2023 in Reviewlife, review
30 Dec 2023
22 minute read
Table of Contents #
- Content I liked
2023 was. 2023 was… Settling into college in Boston, settling into a lot of things, picking the stable path in many ways, but finding new strength and resolve within; notably in my perspectives on community and what I want to accomplish. These are big questions that for me right now lie split between understanding the world and making it better.
Lot of firsts; doing my first real job this summer at Dust, where I explored product design and coded with really competent people… Seeing a bit of the world, traveling alone, in Tokyo actually, unexpectedly – there’s something vulnerable and uncomfortable about walking around a city, 15 km a day, alone, and seeing what it’s like, that really brought out a lot of good things for me… Teaching a class for the first time, on abstract algebra to high schoolers… Going to my first rave…
It feels like on a higher level a lot of this year has been about noticing conflicts – France vs US, grind vs pure aesthetics, impact vs pure aesthetics, exploration vs exploitation (sounds cliche but actually), me vs world, math vs software, safety vs innovation, ambition vs nonambition (actually) etc.. . and feeling that these crutches actually explain a lot of my internal confusion about key questions. It’s been an existential year. I’m realizing more and more that I have existential tendencies, and that this is also the lens I use to understand and interact with people. My reading this year reflects this!

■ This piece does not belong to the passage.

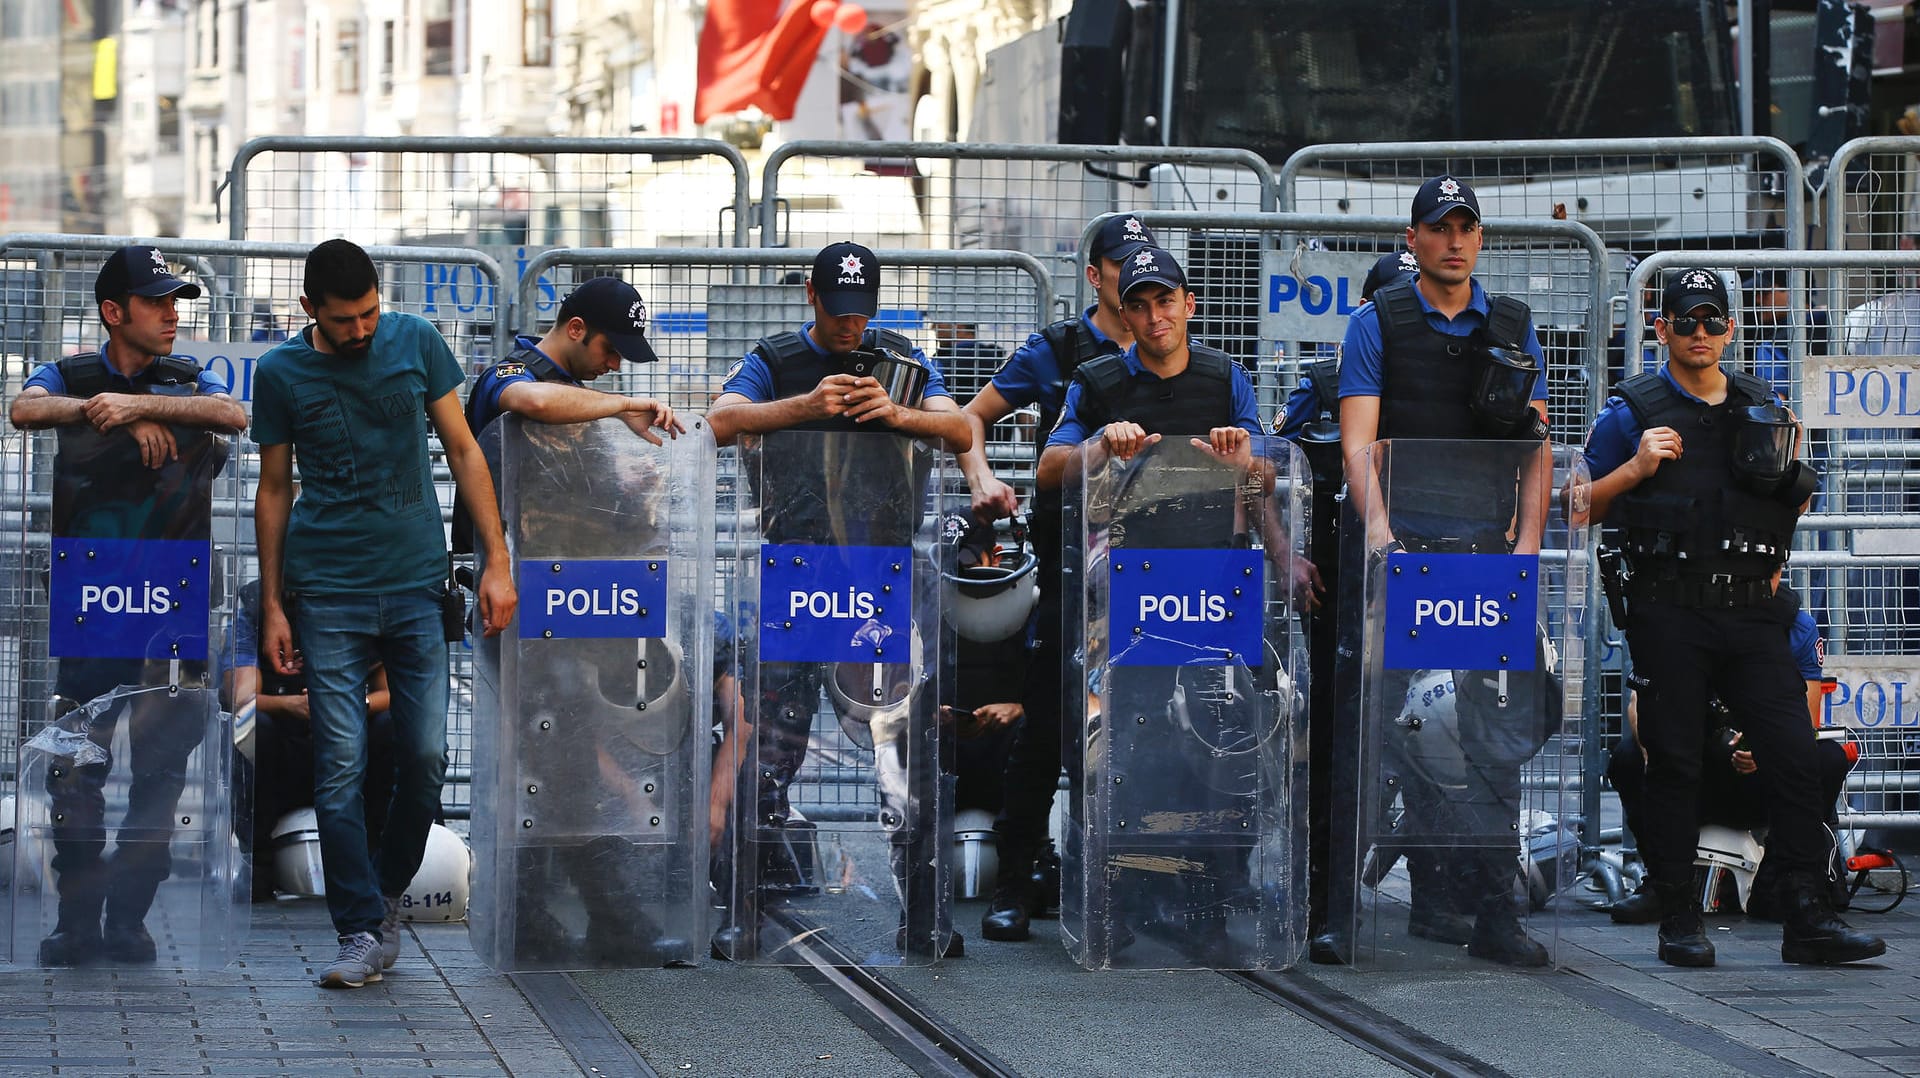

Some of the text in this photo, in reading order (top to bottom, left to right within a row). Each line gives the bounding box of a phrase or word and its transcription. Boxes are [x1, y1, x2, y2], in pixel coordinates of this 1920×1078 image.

In a few words though, it was also a year of mathematics, of grinding it and getting better; of philosophy and getting clearer frames for what I want from/for the world; of writing, reading and poetry; of climbing; of software and of AI…
My goals are always kind of shooting upwards, and it’s easy to find lists of things intimidating, but remember the process is often not as cool as it sounds.
Last year’s #
- publish a paper on theory of deep learning / model interpretability (8/10, Quantization Model of Neural Scaling):
- get an interesting/meaningful internship this summer (9/10, worked at Dust, was very cool)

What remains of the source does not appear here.